Saved data entries
━━━━━━━━

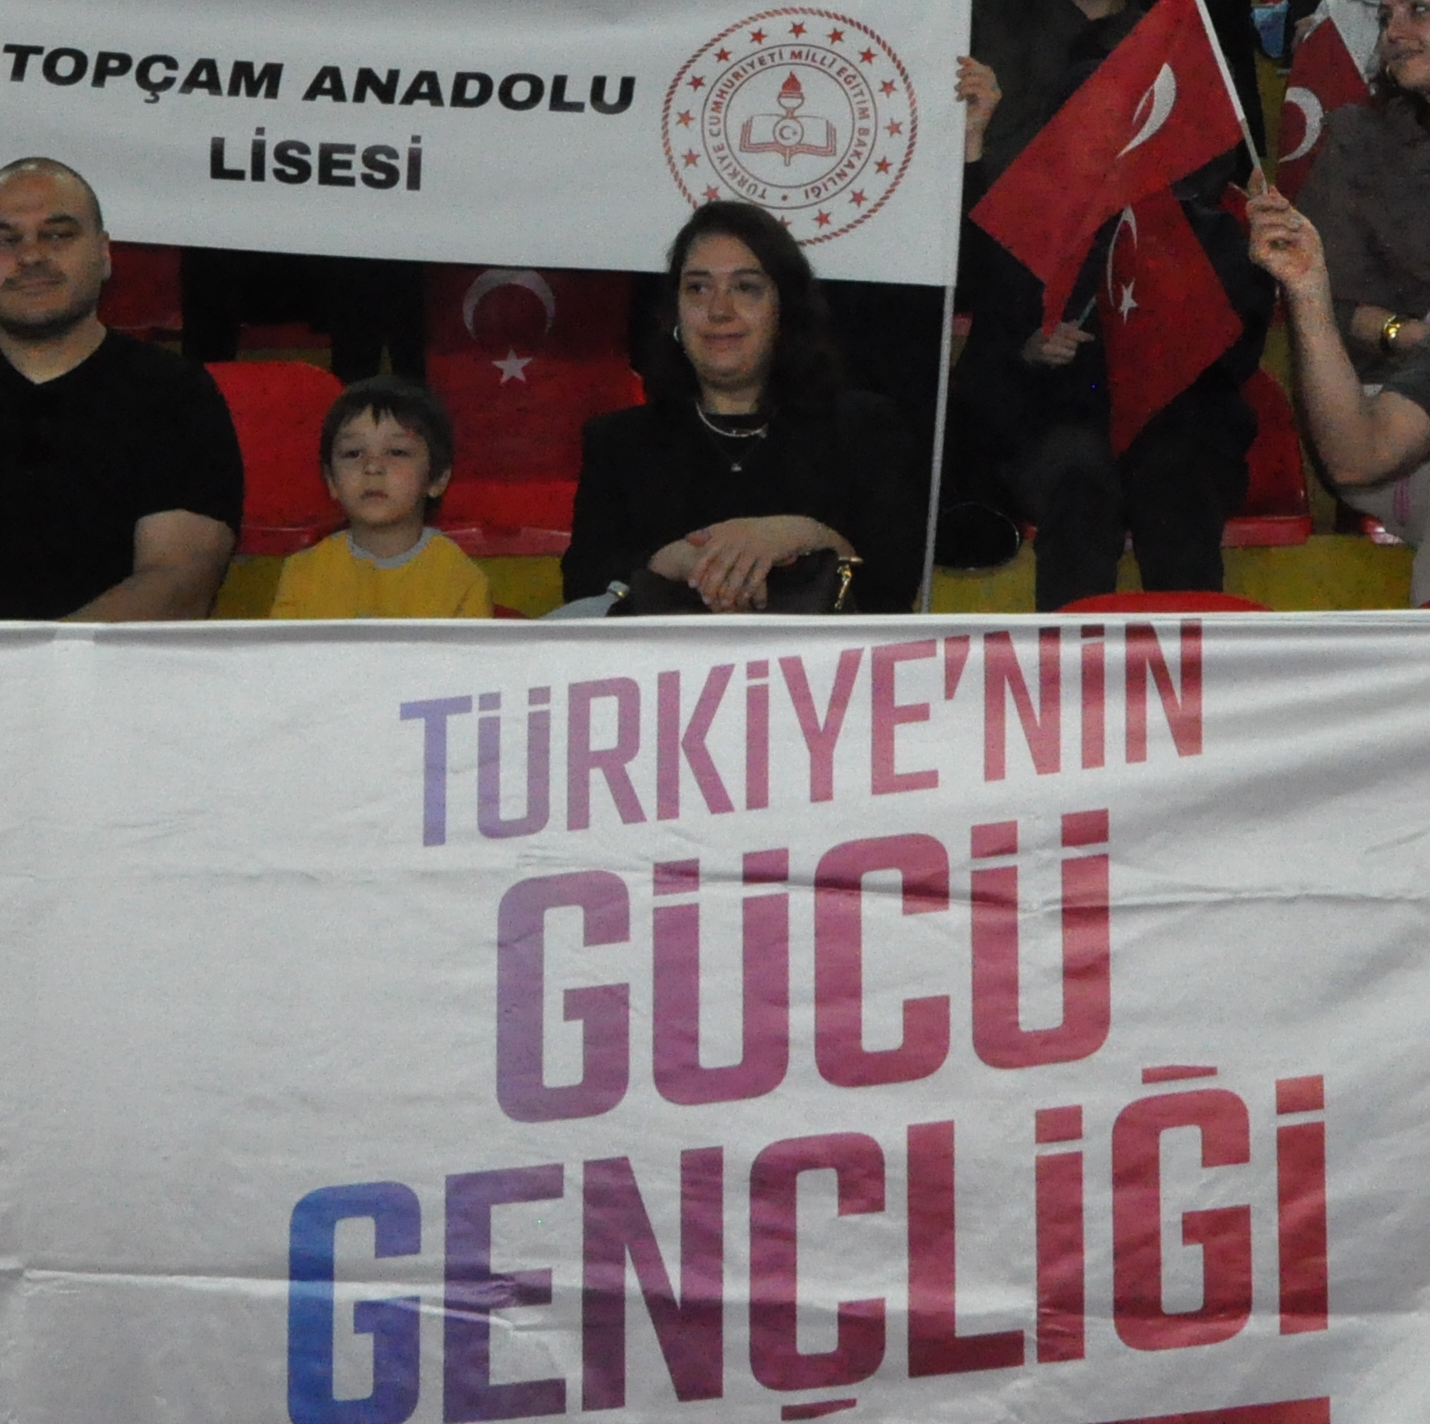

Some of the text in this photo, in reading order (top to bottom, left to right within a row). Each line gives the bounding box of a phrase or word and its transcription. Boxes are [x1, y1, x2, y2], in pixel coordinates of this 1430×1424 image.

[2, 43, 636, 115] TOPÇAM ANADOLU
[708, 48, 784, 138] CUMHURİYETİ
[835, 66, 871, 121] EĞİTİM
[209, 126, 423, 191] LİSESİ
[712, 142, 768, 201] TÜRKİYE
[803, 127, 870, 200] BAKANLIĞI
[399, 616, 1205, 847] TÜRKİYE'NİN
[495, 807, 1112, 1124] GÜCÜ
[286, 1064, 1330, 1424] GENÇLİĞİ
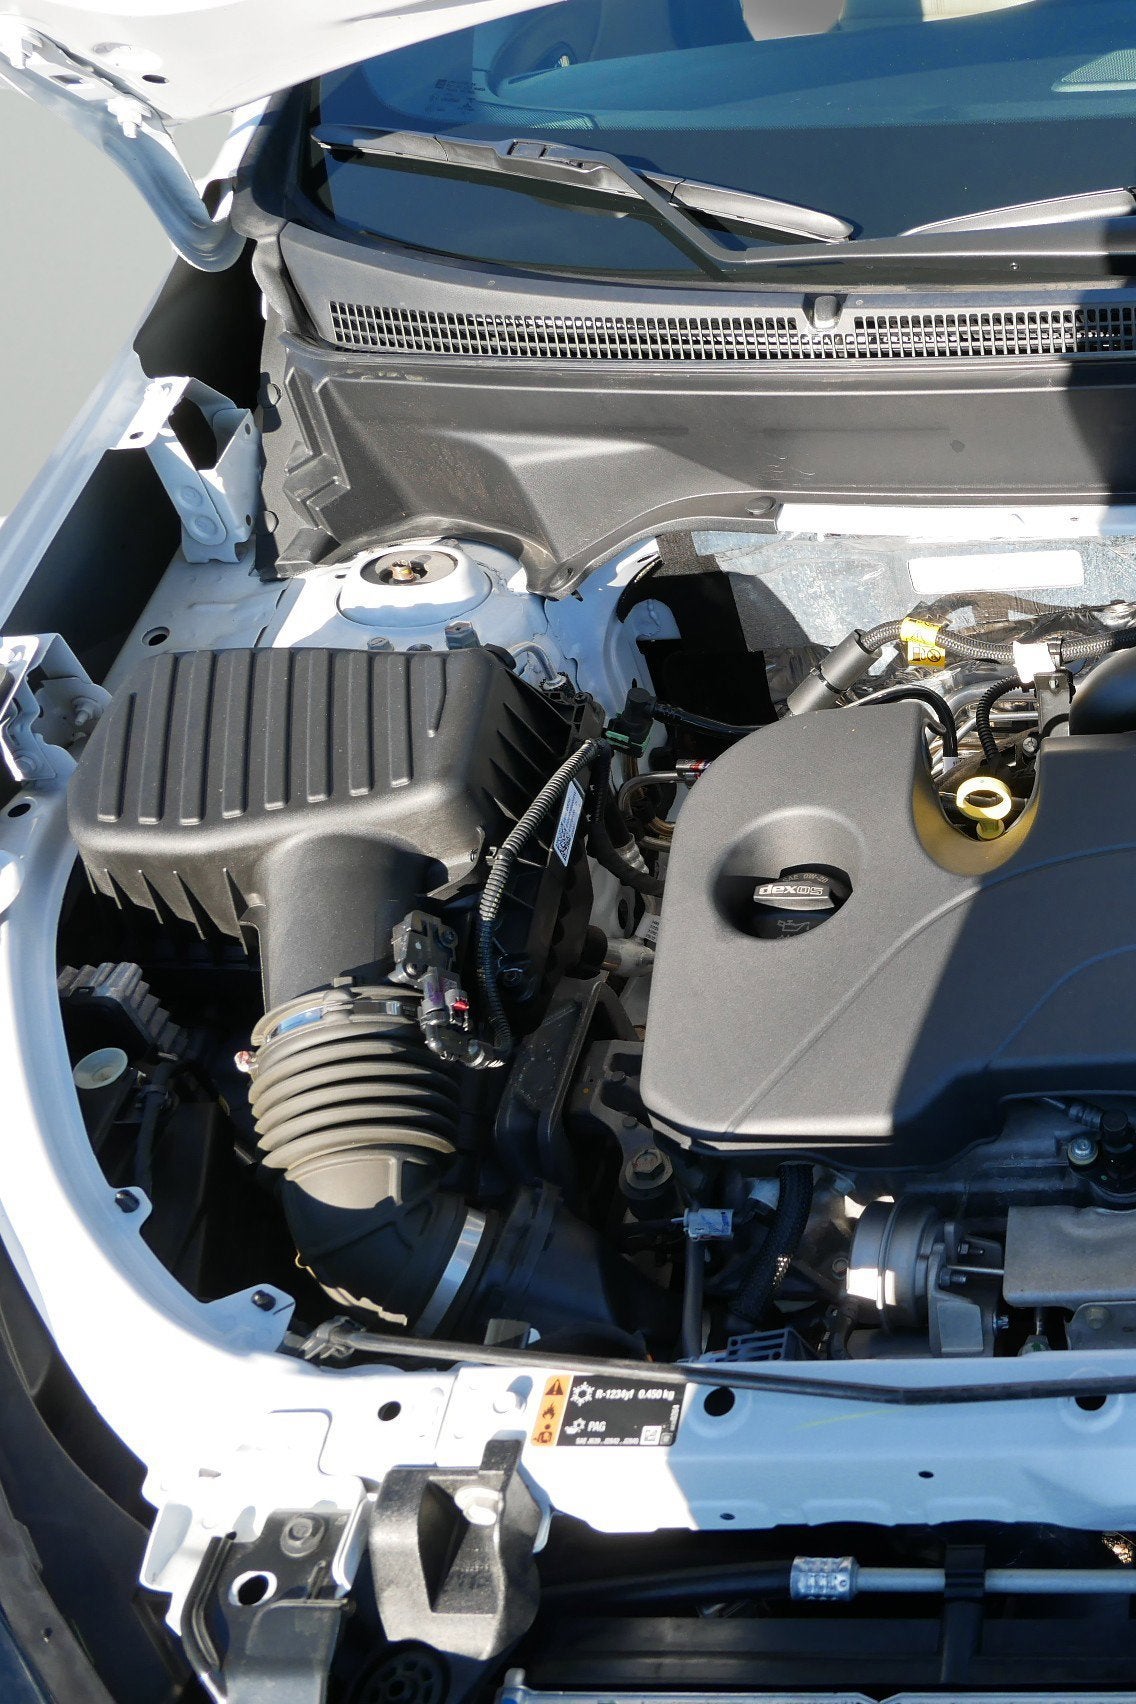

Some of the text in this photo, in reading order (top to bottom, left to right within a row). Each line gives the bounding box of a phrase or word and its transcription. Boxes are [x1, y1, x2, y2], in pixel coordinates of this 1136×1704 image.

[803, 873, 829, 884] 0W-20
[758, 884, 824, 896] dexos
[595, 1387, 675, 1401] R-1234yf 0.450 kg
[587, 1420, 606, 1432] PAG
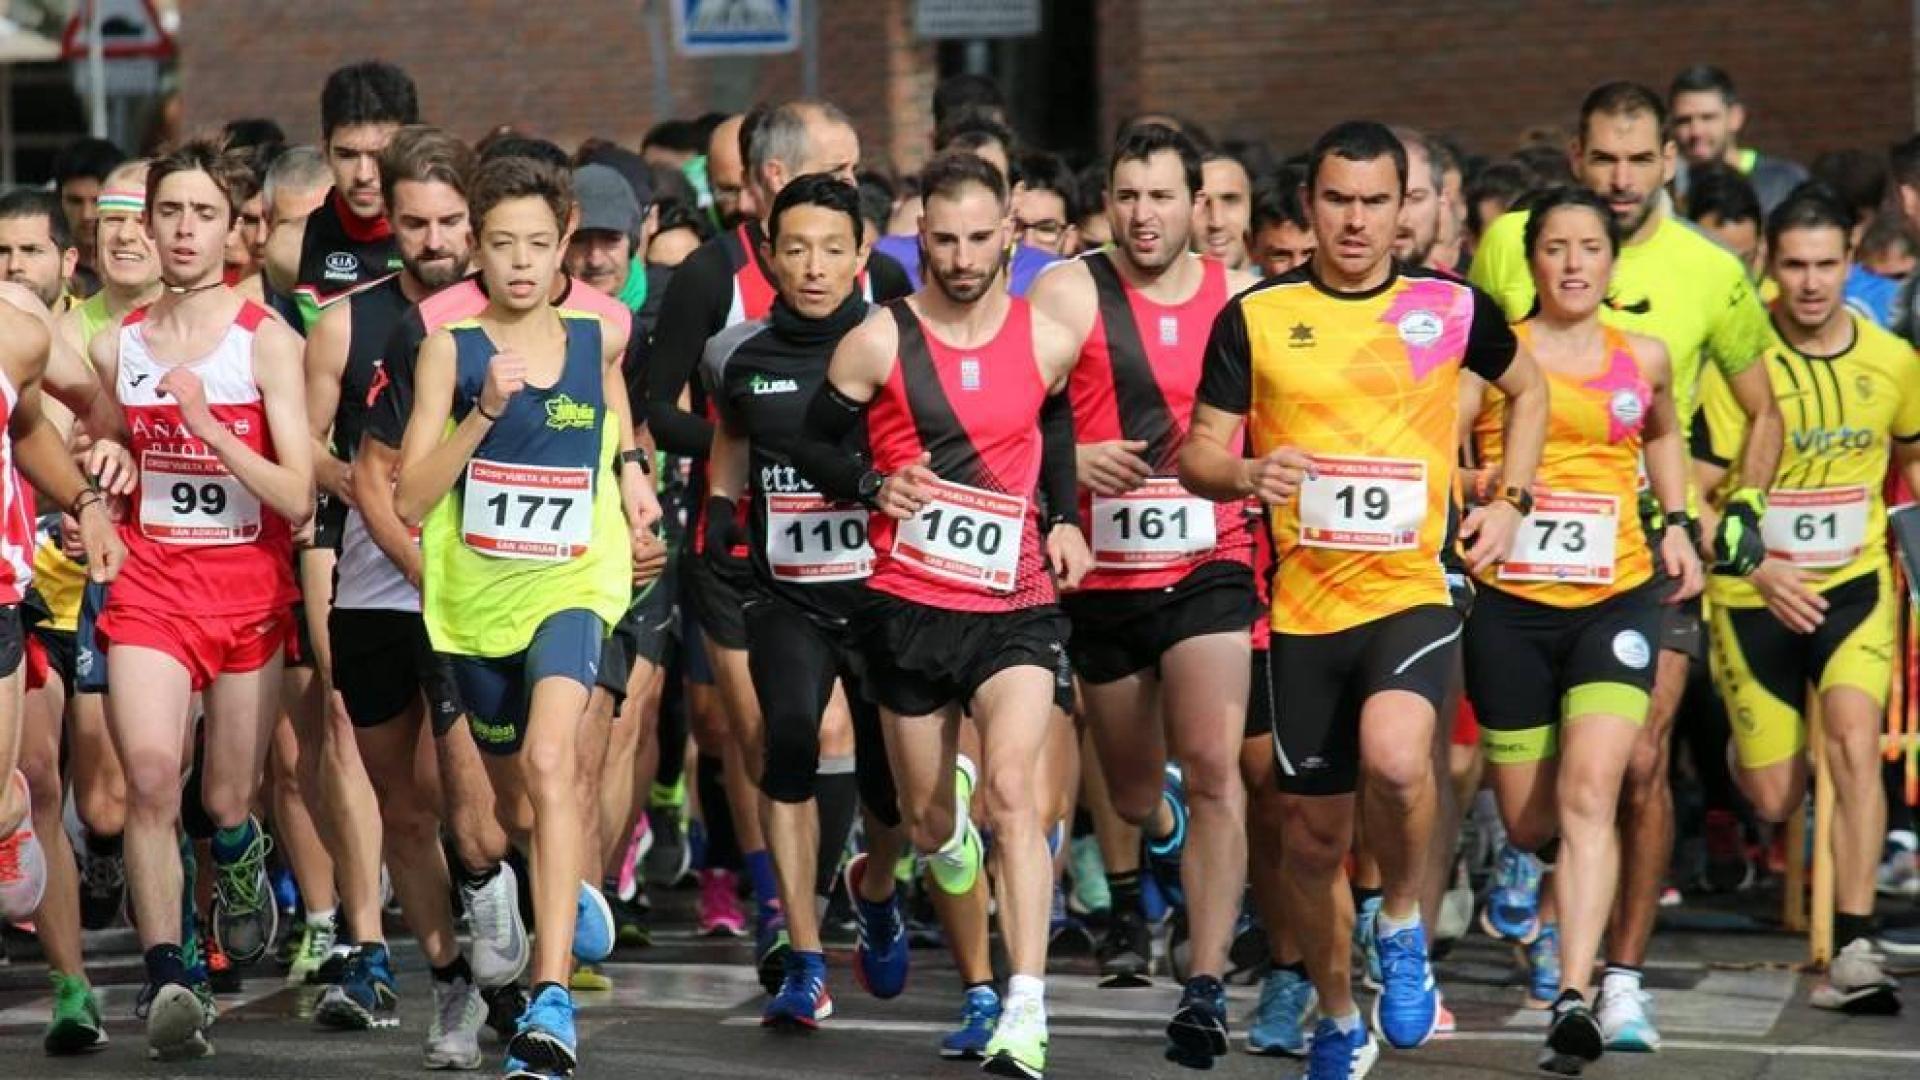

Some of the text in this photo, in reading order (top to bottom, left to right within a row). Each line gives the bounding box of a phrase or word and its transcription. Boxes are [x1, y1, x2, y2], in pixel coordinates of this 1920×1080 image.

[170, 482, 227, 515] 99
[487, 492, 574, 530] 177
[1335, 484, 1390, 520] 19
[785, 518, 864, 553] 110
[922, 509, 1002, 556] 160
[1112, 506, 1188, 540] 161
[1534, 519, 1587, 552] 73
[1794, 512, 1836, 542] 61
[496, 541, 515, 551] SAN

━━━━━━━━

Your answer should be a precise transcript of the entries, minus the pictures.

Answer area>
Some of the text in this photo, in reading order (top to bottom, left to right within a row). Each line gives the bounding box of a phrase or word and its transcription. Boxes are [x1, y1, x2, y2], in pixel coordinates of this 1430×1424 image.

[2, 43, 636, 115] TOPÇAM ANADOLU
[708, 48, 784, 138] CUMHURİYETİ
[835, 66, 871, 121] EĞİTİM
[209, 126, 423, 191] LİSESİ
[712, 142, 768, 201] TÜRKİYE
[803, 127, 870, 200] BAKANLIĞI
[399, 616, 1205, 847] TÜRKİYE'NİN
[495, 807, 1112, 1124] GÜCÜ
[286, 1064, 1330, 1424] GENÇLİĞİ

Some of the text in this photo, in reading order (top to bottom, left to right within a row). Each line gives the bounding box of a phrase or word and its transcription. Boxes are [x1, y1, x2, y2], in pixel coordinates of this 1136×1704 image.

[803, 873, 829, 884] 0W-20
[758, 884, 824, 896] dexos
[595, 1387, 675, 1401] R-1234yf 0.450 kg
[587, 1420, 606, 1432] PAG

Some of the text in this photo, in reading order (top to bottom, left to right within a row). Each line gives the bounding box of a phrase or word and its transcription. Boxes are [x1, y1, x2, y2], in pixel coordinates of this 1920×1080 image.

[170, 482, 227, 515] 99
[487, 492, 574, 530] 177
[1335, 484, 1390, 520] 19
[785, 518, 864, 553] 110
[922, 509, 1002, 556] 160
[1112, 506, 1188, 540] 161
[1534, 519, 1587, 552] 73
[1794, 512, 1836, 542] 61
[496, 541, 515, 551] SAN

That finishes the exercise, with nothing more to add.